The band signed to Nuclear Blast in the autumn of 2004 to release their second album, Years in Waste. This album was more technical and progressive than earlier releases.

In the spring of 2006, singer Antti Filppu was replaced with Jukka Pelkonen, aka "J", from the band Elenium. Stuck Here on Snakes Way was their first album with Pelkonen on vocals, released in April 2007 after a UK tour and signing to Candlelight Records. They followed the album with tours alongside Dark Tranquillity, Caliban and Entombed, as well as numerous Finnish headlining shows, and reaching the No. 31 position in the Finnish national album chart.

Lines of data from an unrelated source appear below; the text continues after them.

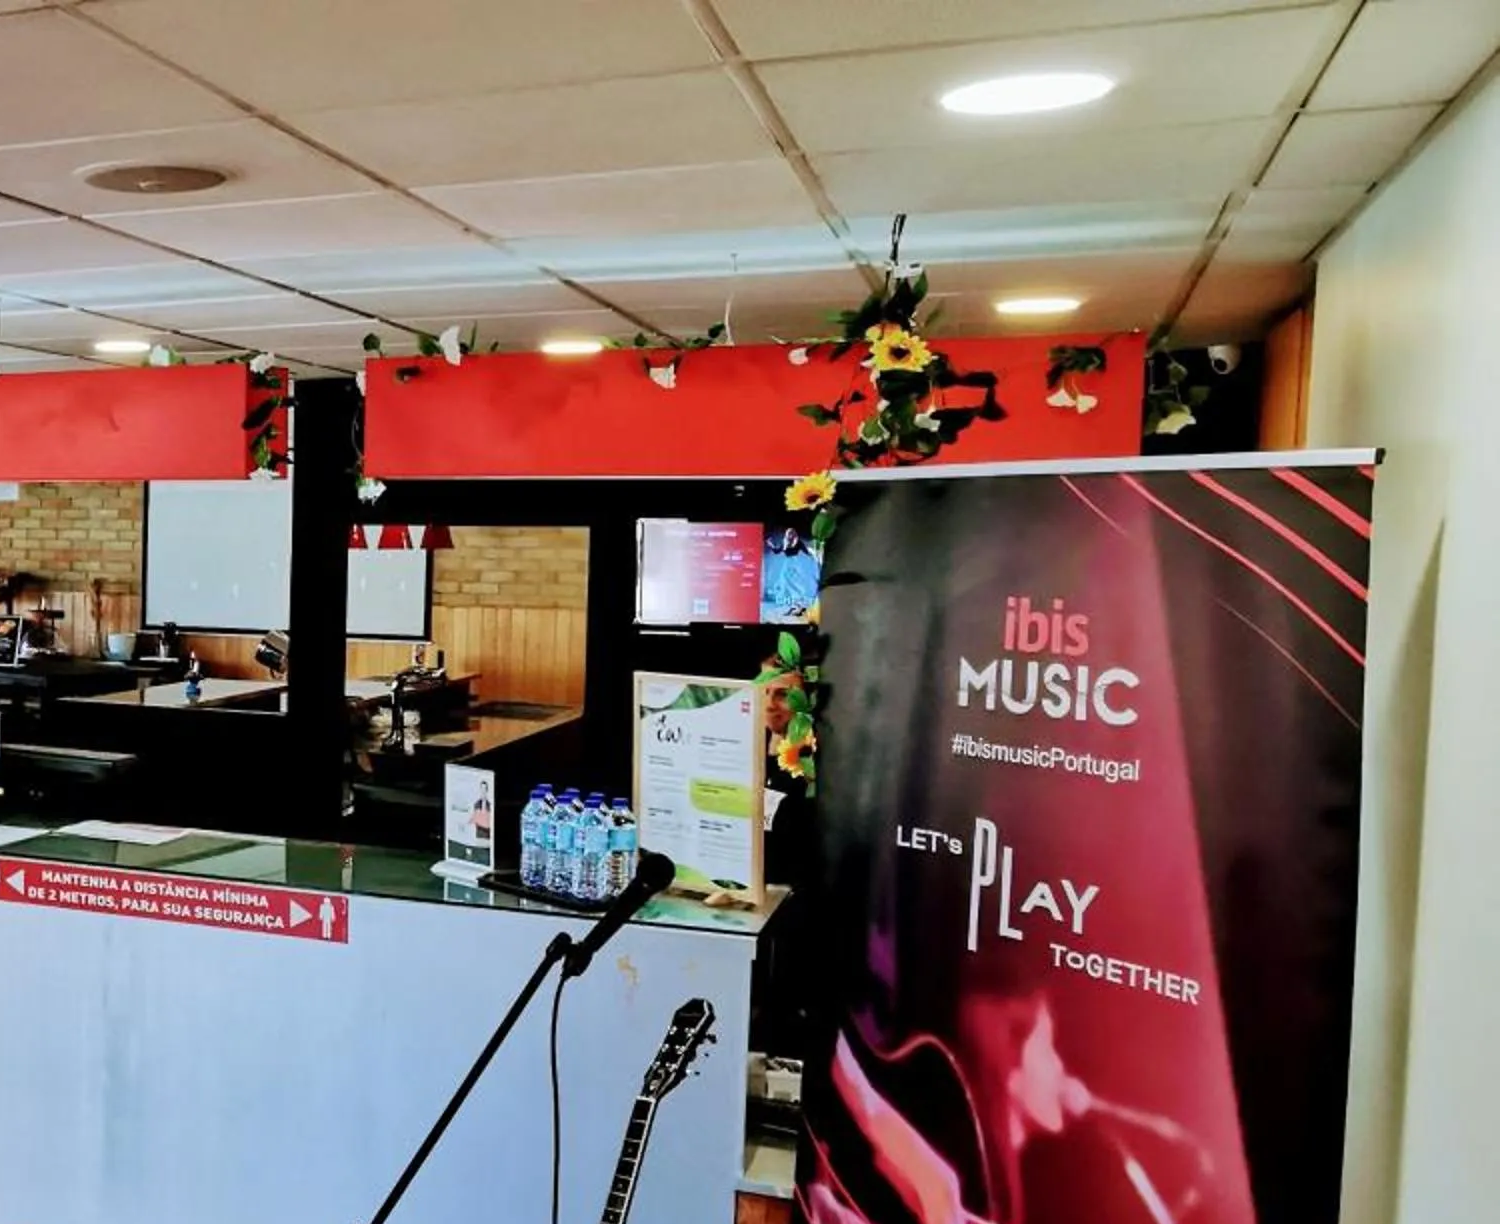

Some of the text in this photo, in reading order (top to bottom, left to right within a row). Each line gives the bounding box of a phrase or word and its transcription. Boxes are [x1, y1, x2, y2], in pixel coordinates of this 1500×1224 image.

[1004, 596, 1090, 657] ibis
[957, 656, 1141, 727] MUSIC
[951, 733, 1140, 784] #ibismusicPortugal
[28, 886, 285, 929] DE 2 METROS, PARA SUA SEGURANÇA
[41, 869, 269, 909] MANTENHA A DISTÂNCIA MÍNIMA

Omnium Gatherum's fourth album, The Redshift, was recorded at Sound Supreme and SouthEastSounds Studios during the spring of 2008, and was mixed and mastered at Unisound Studio in Sweden by Dan Swanö, who stated of the album, "I hate bands like Omnium Gatherum, they are so good it pisses me off!!! Their fine blend of melody and aggression is so good I thought about stealing the record and releasing it as my own. :) You won't find a better album in years." The Redshift received generally positive reviews, led to European tours with Nile/Grave in 2008 and Swallow the Sun/Insomnium in 2009, and charted on the Finnish official album chart at No. 24.

In the summer of 2008, bassist Eerik Purdon announced that he was leaving Omnium Gatherum, and in 2009 Toni Mäki officially joined the band as their new bassist.

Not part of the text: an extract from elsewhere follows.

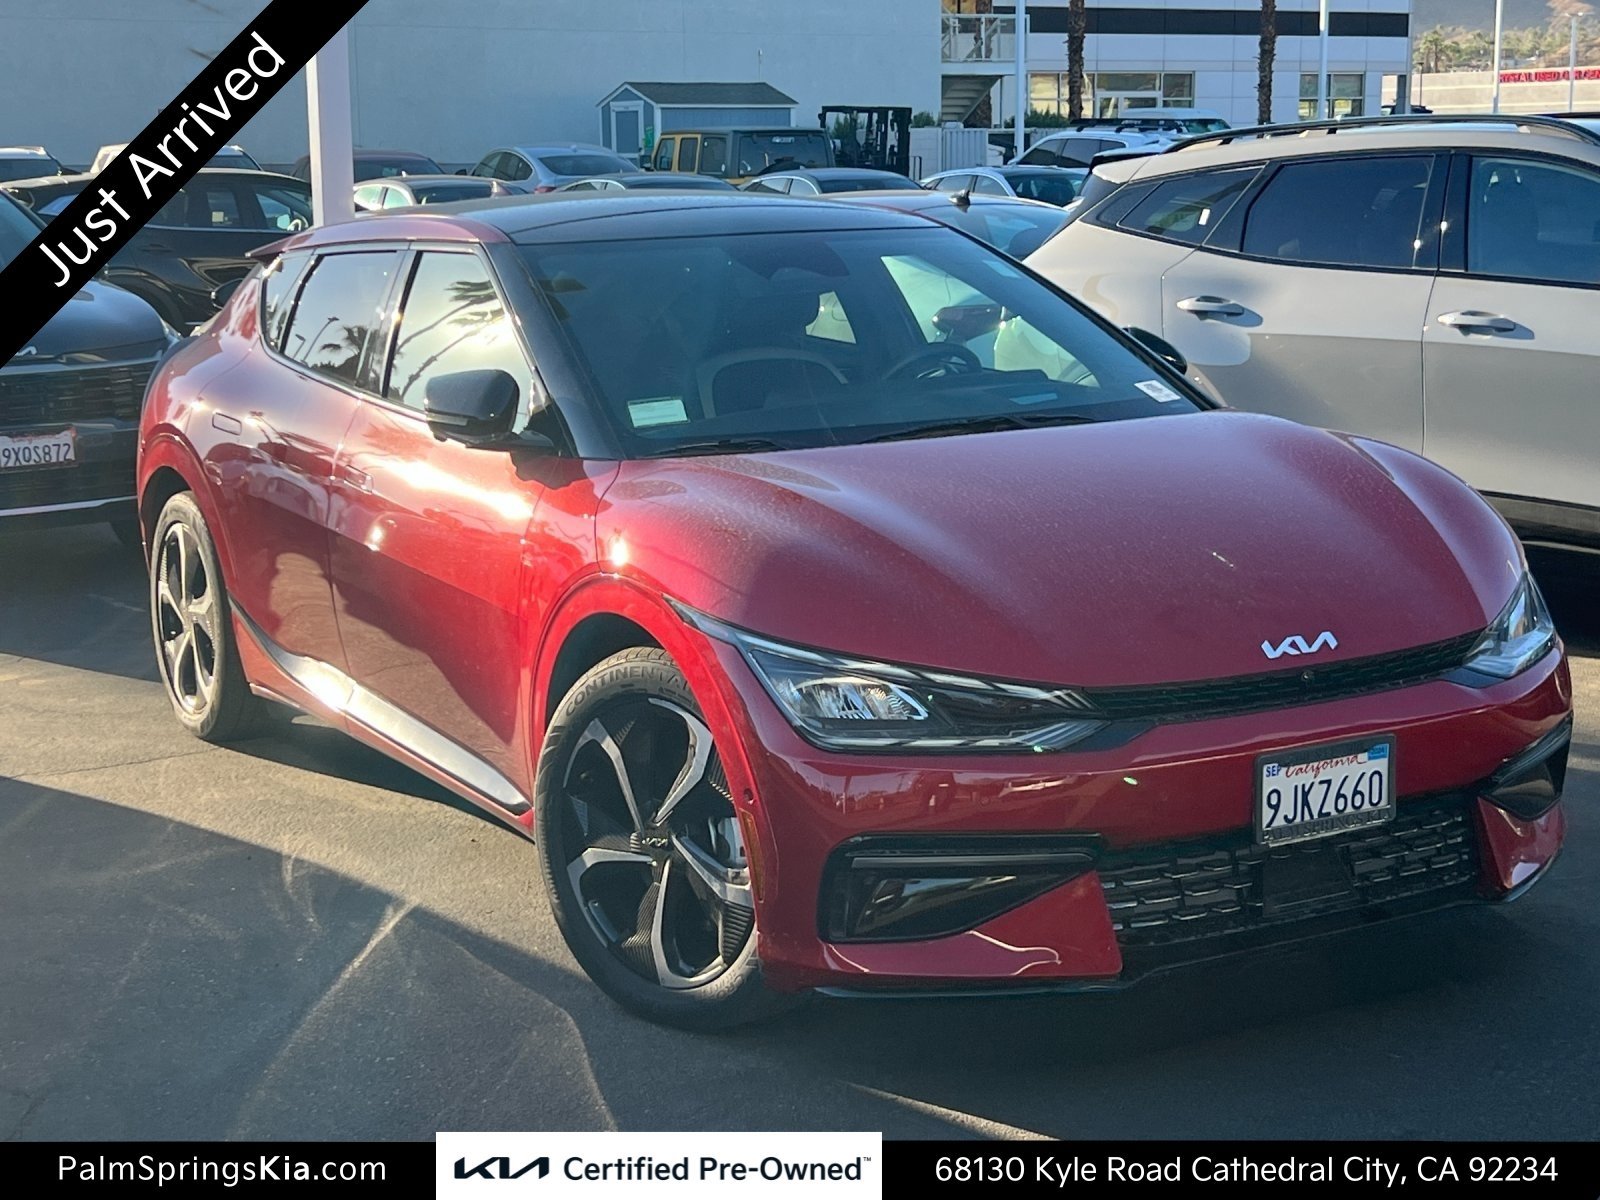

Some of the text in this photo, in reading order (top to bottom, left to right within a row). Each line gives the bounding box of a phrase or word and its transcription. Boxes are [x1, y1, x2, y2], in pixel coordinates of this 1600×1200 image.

[1260, 631, 1338, 659] KIA
[1265, 765, 1281, 778] SEP
[1285, 754, 1368, 778] California
[1264, 769, 1383, 829] 9JKZ660

In August 2010, Omnium Gatherum announced that they had signed with Lifeforce Records for their next release, and that rhythm guitarist Harri Pikka had left the band. Their official statement read, "We're really sorry to announce also that Harri Pikka has silently decided to flee the OG crew after 13 years of solid service. We don't know his exact reasons for this but maybe someday mr. Mystery Man tells us… :) At the moment we've decided to finish the new album as a 5-piece unit, but we have the best possible live guitar unit called Joonas Koto (Malpractice / Ex-To/Die/For / Ex-Hateframe) filling the second guitar live duties at the moment and it rocks!" Omnium Gatherum recorded their fifth studio album for an early 2011 release. Markus Vanhala played all guitar parts for the recording. Swanö mixed and mastered the album.

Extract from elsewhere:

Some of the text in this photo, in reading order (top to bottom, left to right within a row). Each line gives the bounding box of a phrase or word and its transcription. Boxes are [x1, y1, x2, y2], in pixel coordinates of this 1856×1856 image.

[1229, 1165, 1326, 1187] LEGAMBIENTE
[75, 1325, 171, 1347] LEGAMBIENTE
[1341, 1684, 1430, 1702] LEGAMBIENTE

Their fifth album, New World Shadows, was released in Germany, Austria and Switzerland on 4 February 2011, in Finland, Sweden and Hungary on 9 February, the rest of Europe on 7 February, and North America on 1 March. It topped the Finnish album charts and was on the fifth position on the official national album chart, as well as placing first on the Finnish Rumba indie chart. The album was recorded during the period of August–October 2010. After its release, Omnium Gatherum toured Europe with Rotting Christ in April/May 2011.

On 17 June 2011, it was announced that Joonas "Jope" Koto had joined Omnium Gatherum as full-time second guitarist, replacing Harri Pikka.

On 10 July 2015, the band announced that they had almost finished recording a new album. The album, Grey Heavens, was released in 2016.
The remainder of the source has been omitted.